Com o mercado em expansão, aumentava o poder aquisitivo das classes trabalhadoras. Vendas a prestações e reajustamentos salariais que acompanhavam os índices de aumento do custo de vida estimulavam o crescimento de próspero comércio varejista. São Paulo tornou-se a cidade que não parava de crescer. Novos polos industriais surgiam em localidades como Campinas, Jundiaí, Guarulhos, Osasco, Limeira, Diadema. O dinheiro girava em alta velocidade e uma nova classe média ambicionava adquirir casa ou apartamento, geladeira, fogão a gás, máquina de lavar roupa, automóvel. O período de euforia começou a dar demonstração de desaquecimento nos primeiros anos da década de 1980. A derrubada das grades do Palácio dos Bandeirantes, em abril de 1983, foi obra de milhares de desempregados da zona sul de São Paulo que exigiam do governador Franco Montoro a criação de empregos inexistentes.

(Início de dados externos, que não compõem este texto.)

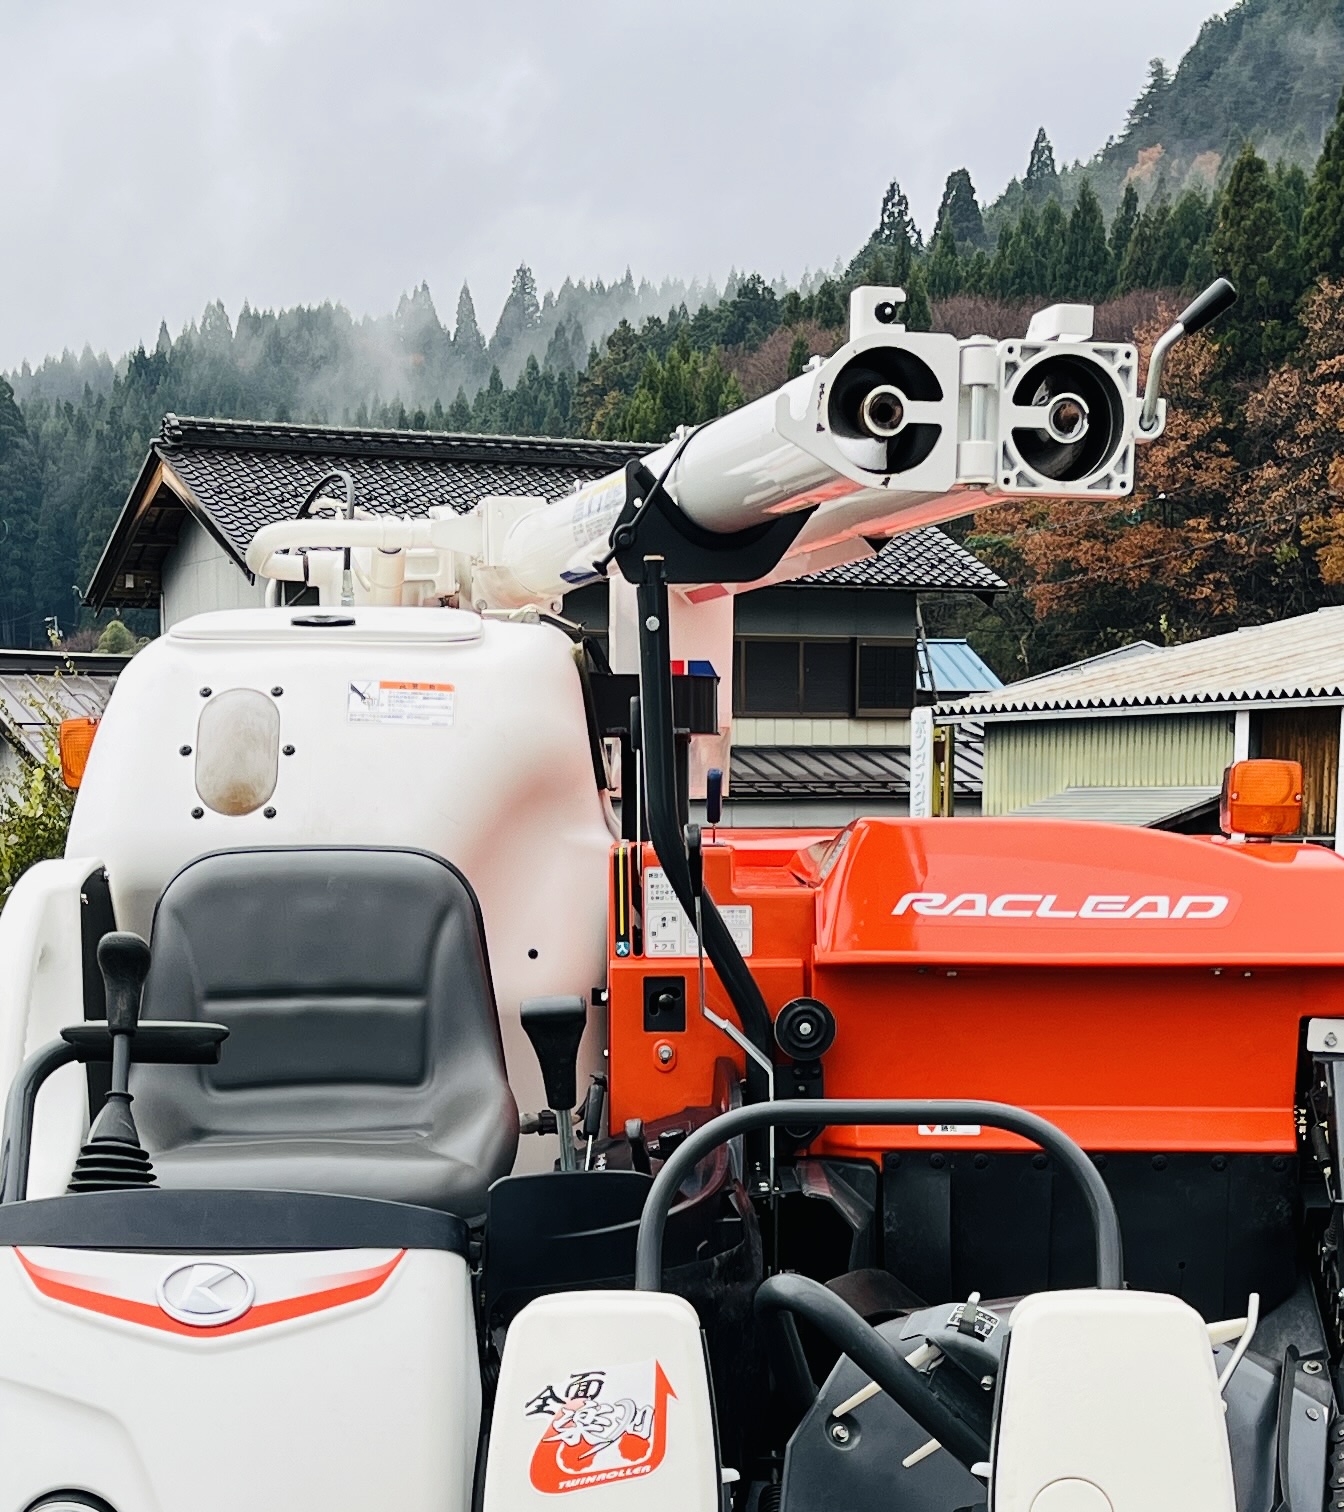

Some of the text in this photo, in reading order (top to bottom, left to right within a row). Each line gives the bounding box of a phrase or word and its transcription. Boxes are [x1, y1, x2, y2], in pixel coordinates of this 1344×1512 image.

A globalização, definida pelo professor Ernesto Lozardo como “a oferta global de bens, serviços e capital financeiro e a demanda social global ao acesso a essa oferta existente” (Globalização, Ed. do Autor, 2007, pág. 37), chegou e nos invadiu sem pedir permissão. Trouxe consigo a informatização, a robotização e automação e penetrou na economia com resultados devastadores para o mercado de trabalho. São fenômenos que independem da nossa vontade e fora do nosso controle. Indústrias ineficientes, deficitárias, e ultrapassados ofícios e profissões desapareceram, comprovando a ineficácia da Constituição, da legislação trabalhista, da jurisprudência tutelar como ferramentas de proteção contra o desemprego. Impotentes diante de fatores externos, as esperanças repousam na capacidade de tomar medidas internas capazes de atraírem investimentos para setores de intensa utilização de mão de obra.

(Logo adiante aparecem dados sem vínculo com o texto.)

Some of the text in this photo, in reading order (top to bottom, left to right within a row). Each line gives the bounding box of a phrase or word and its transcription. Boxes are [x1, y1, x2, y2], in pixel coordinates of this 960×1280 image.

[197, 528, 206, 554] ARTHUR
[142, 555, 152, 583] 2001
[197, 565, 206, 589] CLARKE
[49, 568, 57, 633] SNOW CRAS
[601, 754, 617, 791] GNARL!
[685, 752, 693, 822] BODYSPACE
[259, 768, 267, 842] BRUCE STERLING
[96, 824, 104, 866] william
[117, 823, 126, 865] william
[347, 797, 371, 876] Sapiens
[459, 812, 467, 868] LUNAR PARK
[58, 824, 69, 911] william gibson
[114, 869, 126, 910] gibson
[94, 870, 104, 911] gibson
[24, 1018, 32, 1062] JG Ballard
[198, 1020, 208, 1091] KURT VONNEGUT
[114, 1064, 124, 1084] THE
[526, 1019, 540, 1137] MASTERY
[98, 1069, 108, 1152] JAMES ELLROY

Ninguém arrisca dinheiro senão com o objetivo de realizar lucro. Se for bem-sucedido, o emprego provavelmente virá, mas como efeito colateral. Para havê-los em número suficiente, além da estabilidade do tripé econômico, composto por inflação controlada, superávit primário e taxa de câmbio flexível, é fundamental que se estabeleça um clima de segurança jurídica nas relações entre patrões e empregados. As cláusulas do contrato de trabalho, celebrado na forma da lei por pessoas capazes, com objeto lícito, devem ser sagradas para ambas as partes.

A contínua judicialização das relações de emprego impulsiona a substituição de mulheres e homens por ferramentas inteligentes. “O progresso de um país, seja ele pobre ou rico, não se constrói numa ilha de fantasias idealizada por economistas e filósofos”, escreveu Ernesto Lozardo. O Estado de bem-estar social, projetado pela Constituição, integra o espaço da fantasia. O desemprego, porém, é real, cruel e diário. Está presente, como pesadelo, na consciência do desempregado. Humilhado pela incapacidade de encontrar trabalho remunerador, o homem honrado transmite a frustração, o sofrimento e o desespero à família desamparada.

Desemprego rejeita medidas de longo prazo. Exige providências enérgicas, objetivas, imediatas. A reforma trabalhista não surtiu os efeitos previstos. Ficou na promessa. A reforma da Previdência cumprirá longa etapa de maturação até trazer os primeiros resultados. A anunciada reforma tributária, como de hábito, aumentará a carga que sobrecarrega o lombo do contribuinte.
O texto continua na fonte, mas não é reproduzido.